Managing Mobile Devices
InterAct and Primerica strictly control some devices but are flexible on others. InterAct, for example, relies heavily on text messaging to communicate to its field and sales forces, so all employee-provided phones must support text messaging. While most employees choose to take the company-paid cell phone (some even port their personal number to it), some bring in their own phone because they belong to family plans, notes CIO Wroten. But when it comes to devices that can access e-mail and other corporate data, InterAct supports only the BlackBerry devices it provisions.
Primerica gives its thousands of independent contractors a list of approved handhelds they can buy, but it provisions the BlackBerrys and Treos used by employees, since employees have access to corporate data that the contractors do not, says Tom Swift, the bank’s executive vice president of field technology.

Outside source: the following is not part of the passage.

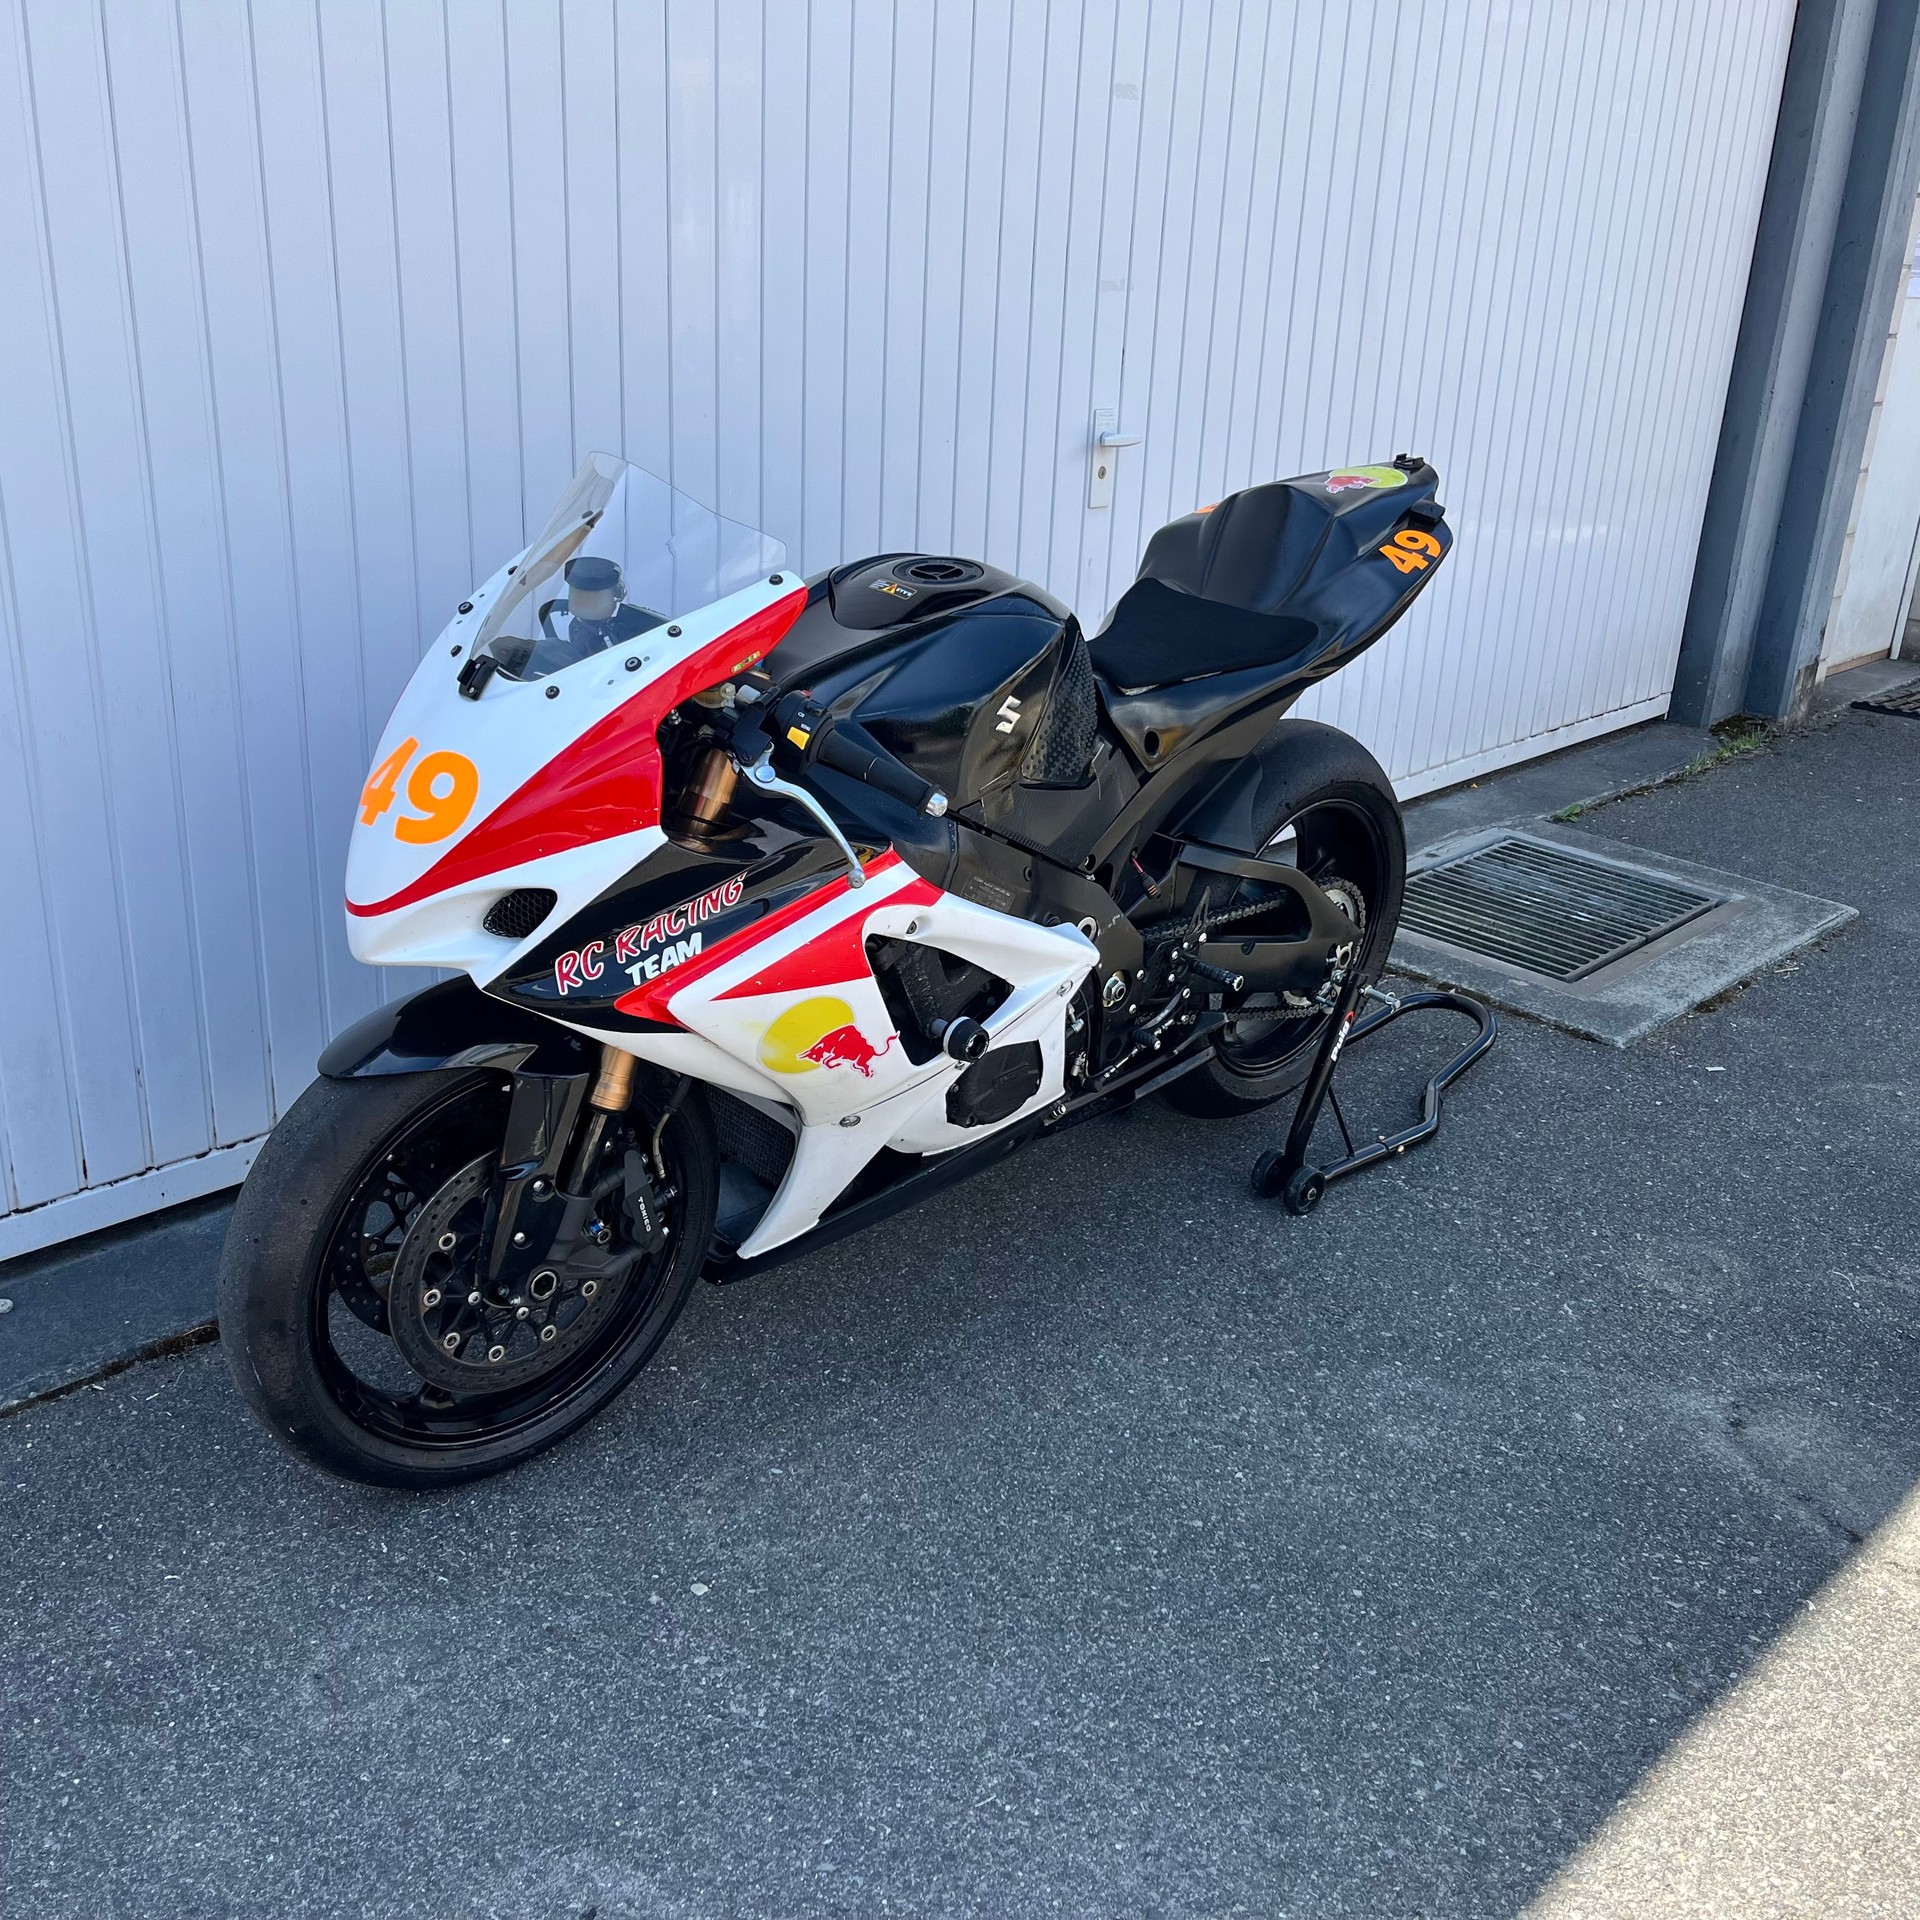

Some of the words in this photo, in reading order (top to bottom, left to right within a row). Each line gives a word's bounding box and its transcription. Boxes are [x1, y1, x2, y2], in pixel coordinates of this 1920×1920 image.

No matter how tightly the enterprise chooses to manage handheld provisioning, the consumer nature of the devices—which are typically sold through the cellular carriers—means that there can be multiple versions of devices to manage. Fortunately, the makers of the two most popular types of connected handhelds—the BlackBerry and the Treo—have reduced the version churn in recent years and have kept the interface and management functions consistent across models, says Greg Nelson, senior consultant in the IT group at Russell Investment Group, a brokerage and financial services provider. That wasn’t the case just a few years ago.
A final management concern: You must manage the number of cellular providers. While many companies can standardize on one if their usage is within a region where one carrier has good coverage, firms with national or international presence often need multiple carriers.

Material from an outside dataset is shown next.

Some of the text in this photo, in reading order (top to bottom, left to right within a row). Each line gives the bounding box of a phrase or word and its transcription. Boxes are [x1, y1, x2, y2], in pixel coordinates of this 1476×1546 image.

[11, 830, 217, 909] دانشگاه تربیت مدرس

Giving a choice of cellular carriers, while often necessary for coverage reasons, can lead to device envy: Carriers often get short-term exclusive distribution deals for new devices, so users of one carrier may not be able to get the same sexy device their colleagues using the other carrier can. Also, devices typically can’t be replaced without a penalty for two years, so some users get itchy when the new devices arrive.

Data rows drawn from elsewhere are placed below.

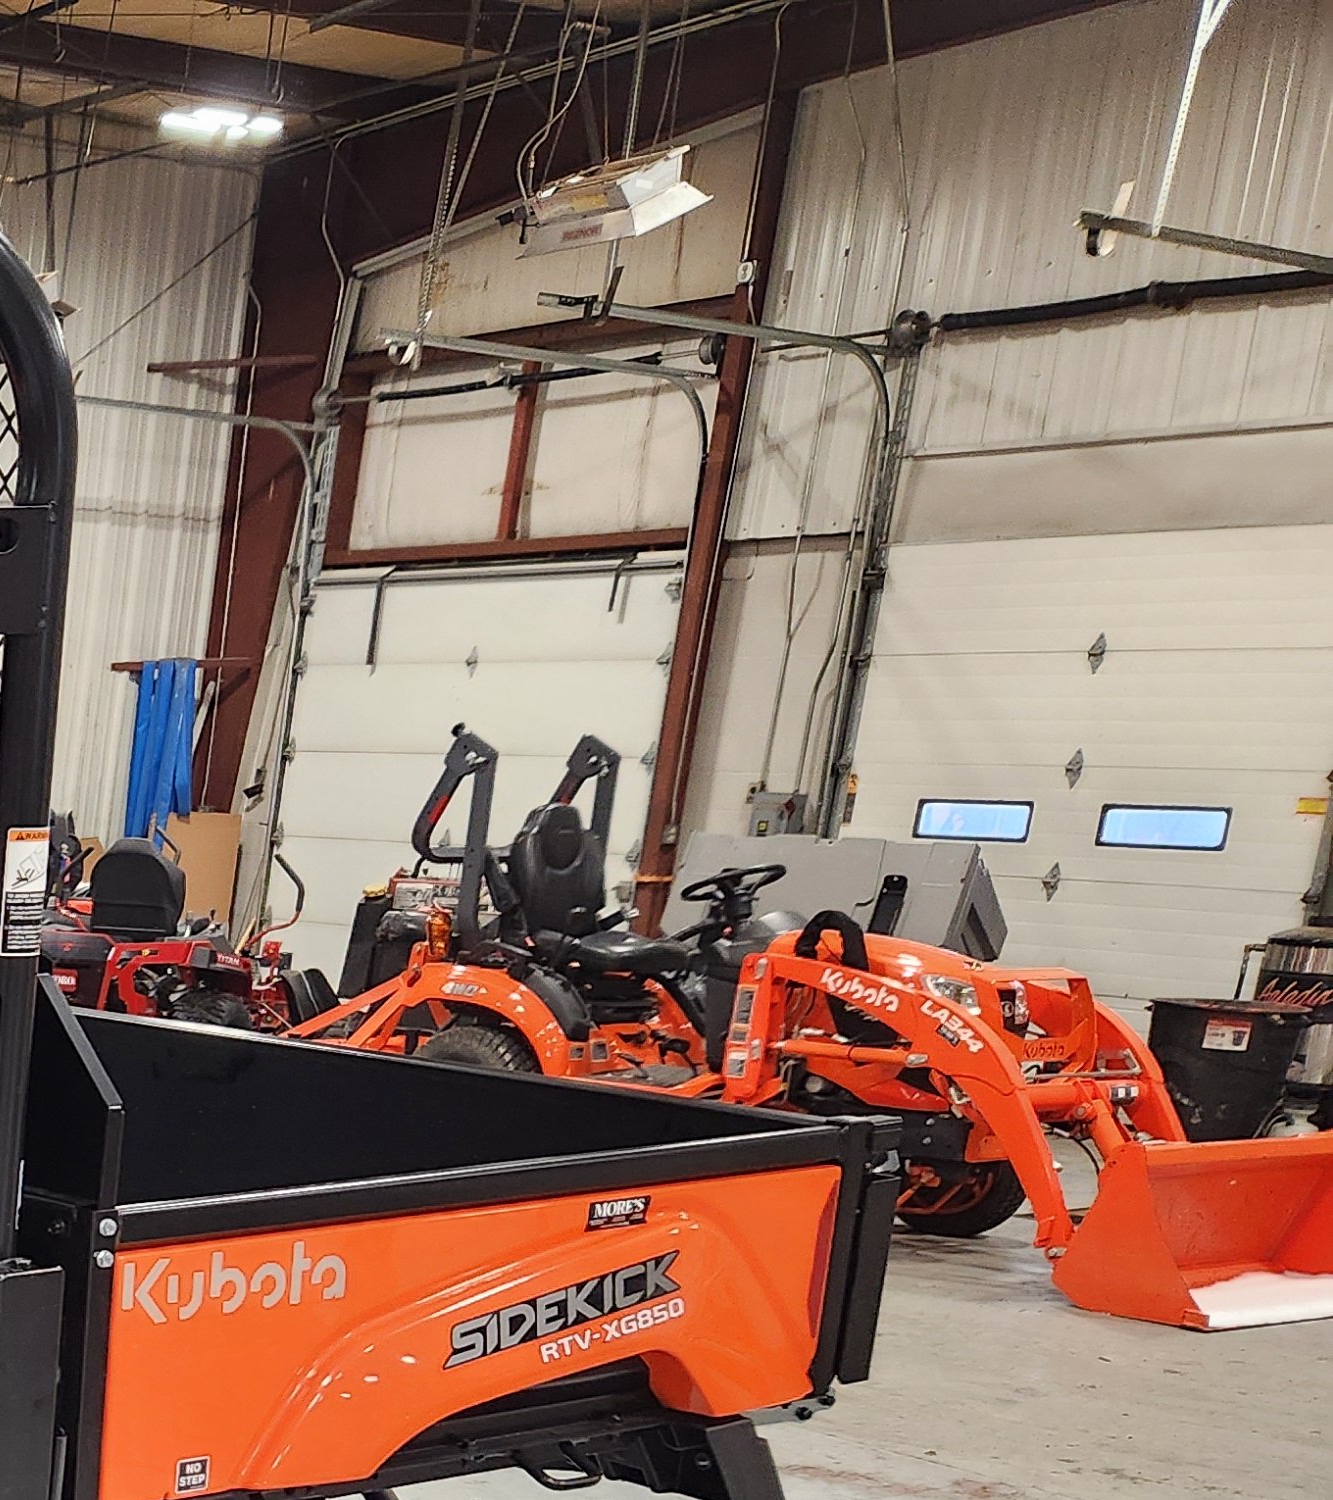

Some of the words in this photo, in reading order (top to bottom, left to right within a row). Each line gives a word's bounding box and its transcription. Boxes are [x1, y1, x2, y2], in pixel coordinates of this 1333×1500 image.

[52, 975, 76, 986] ORO
[440, 981, 481, 998] 4WD
[820, 968, 900, 1012] Kubota
[920, 999, 985, 1053] LA344
[1023, 1041, 1065, 1059] Kubota
[593, 1198, 646, 1219] MORE'S
[121, 1240, 347, 1325] Kubota
[444, 1251, 681, 1369] SIDEKICK
[539, 1298, 686, 1364] RTV-XG850
[185, 1462, 202, 1475] NO
[179, 1473, 205, 1487] STEP

"These are challenges for us, so we explain that it could cost $600 to terminate a plan so they can upgrade," notes Greg Inginio, the senior vice president of IT operations at IndyMac Bank.
Get in Front
Whatever variation works for your enterprise, "the key is having strong policies up front. Control what they do," says Farmers & Merchants Bank’s Graham. But don’t forget the carrot. "Encourage the use of [company] smart phones and PDAs, so employees don’t carry their own," he says.